• EXERCISE DETAILS:
From the first line to the last, print the data exactly as written.

Records drawn from a dataset:
****

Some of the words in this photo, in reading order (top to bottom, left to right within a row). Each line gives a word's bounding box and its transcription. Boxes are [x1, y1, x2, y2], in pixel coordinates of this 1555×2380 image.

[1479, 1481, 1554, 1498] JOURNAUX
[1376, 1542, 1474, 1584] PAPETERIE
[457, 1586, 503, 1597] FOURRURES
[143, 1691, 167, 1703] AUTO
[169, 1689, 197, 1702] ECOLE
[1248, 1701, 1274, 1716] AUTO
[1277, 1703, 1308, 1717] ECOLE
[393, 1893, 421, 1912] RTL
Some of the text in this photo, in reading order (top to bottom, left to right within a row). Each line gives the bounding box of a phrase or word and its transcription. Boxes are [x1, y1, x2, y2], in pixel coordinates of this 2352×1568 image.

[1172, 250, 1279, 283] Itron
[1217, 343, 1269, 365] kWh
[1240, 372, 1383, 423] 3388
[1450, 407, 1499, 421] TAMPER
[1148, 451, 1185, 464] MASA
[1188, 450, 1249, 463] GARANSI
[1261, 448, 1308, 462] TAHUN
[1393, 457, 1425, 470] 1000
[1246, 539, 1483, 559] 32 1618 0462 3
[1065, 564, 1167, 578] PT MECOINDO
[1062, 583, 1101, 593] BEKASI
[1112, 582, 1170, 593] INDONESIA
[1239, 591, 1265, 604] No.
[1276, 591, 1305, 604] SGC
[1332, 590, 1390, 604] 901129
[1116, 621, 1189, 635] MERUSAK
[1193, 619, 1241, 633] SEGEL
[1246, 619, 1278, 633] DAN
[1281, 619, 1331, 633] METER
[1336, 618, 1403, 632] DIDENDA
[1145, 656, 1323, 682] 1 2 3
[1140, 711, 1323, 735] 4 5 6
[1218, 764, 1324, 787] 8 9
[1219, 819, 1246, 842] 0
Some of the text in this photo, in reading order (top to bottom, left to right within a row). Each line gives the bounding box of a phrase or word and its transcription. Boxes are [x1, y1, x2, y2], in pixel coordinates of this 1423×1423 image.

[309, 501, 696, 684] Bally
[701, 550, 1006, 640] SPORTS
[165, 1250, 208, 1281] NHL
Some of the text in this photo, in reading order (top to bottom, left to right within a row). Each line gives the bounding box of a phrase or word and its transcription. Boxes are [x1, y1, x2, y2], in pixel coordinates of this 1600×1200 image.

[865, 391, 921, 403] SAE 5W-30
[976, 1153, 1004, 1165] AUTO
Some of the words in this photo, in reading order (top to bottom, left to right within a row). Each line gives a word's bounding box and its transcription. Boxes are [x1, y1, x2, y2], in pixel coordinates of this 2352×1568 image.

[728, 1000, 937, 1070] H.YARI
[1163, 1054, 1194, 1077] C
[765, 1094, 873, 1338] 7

****

• RESULT:
Some of the words in this photo, in reading order (top to bottom, left to right within a row). Each line gives a word's bounding box and its transcription. Boxes are [x1, y1, x2, y2], in pixel coordinates of this 1555×2380 image.

[1479, 1481, 1554, 1498] JOURNAUX
[1376, 1542, 1474, 1584] PAPETERIE
[457, 1586, 503, 1597] FOURRURES
[143, 1691, 167, 1703] AUTO
[169, 1689, 197, 1702] ECOLE
[1248, 1701, 1274, 1716] AUTO
[1277, 1703, 1308, 1717] ECOLE
[393, 1893, 421, 1912] RTL
Some of the text in this photo, in reading order (top to bottom, left to right within a row). Each line gives the bounding box of a phrase or word and its transcription. Boxes are [x1, y1, x2, y2], in pixel coordinates of this 2352×1568 image.

[1172, 250, 1279, 283] Itron
[1217, 343, 1269, 365] kWh
[1240, 372, 1383, 423] 3388
[1450, 407, 1499, 421] TAMPER
[1148, 451, 1185, 464] MASA
[1188, 450, 1249, 463] GARANSI
[1261, 448, 1308, 462] TAHUN
[1393, 457, 1425, 470] 1000
[1246, 539, 1483, 559] 32 1618 0462 3
[1065, 564, 1167, 578] PT MECOINDO
[1062, 583, 1101, 593] BEKASI
[1112, 582, 1170, 593] INDONESIA
[1239, 591, 1265, 604] No.
[1276, 591, 1305, 604] SGC
[1332, 590, 1390, 604] 901129
[1116, 621, 1189, 635] MERUSAK
[1193, 619, 1241, 633] SEGEL
[1246, 619, 1278, 633] DAN
[1281, 619, 1331, 633] METER
[1336, 618, 1403, 632] DIDENDA
[1145, 656, 1323, 682] 1 2 3
[1140, 711, 1323, 735] 4 5 6
[1218, 764, 1324, 787] 8 9
[1219, 819, 1246, 842] 0
Some of the text in this photo, in reading order (top to bottom, left to right within a row). Each line gives the bounding box of a phrase or word and its transcription. Boxes are [x1, y1, x2, y2], in pixel coordinates of this 1423×1423 image.

[309, 501, 696, 684] Bally
[701, 550, 1006, 640] SPORTS
[165, 1250, 208, 1281] NHL
Some of the text in this photo, in reading order (top to bottom, left to right within a row). Each line gives the bounding box of a phrase or word and its transcription. Boxes are [x1, y1, x2, y2], in pixel coordinates of this 1600×1200 image.

[865, 391, 921, 403] SAE 5W-30
[976, 1153, 1004, 1165] AUTO
Some of the words in this photo, in reading order (top to bottom, left to right within a row). Each line gives a word's bounding box and its transcription. Boxes are [x1, y1, x2, y2], in pixel coordinates of this 2352×1568 image.

[728, 1000, 937, 1070] H.YARI
[1163, 1054, 1194, 1077] C
[765, 1094, 873, 1338] 7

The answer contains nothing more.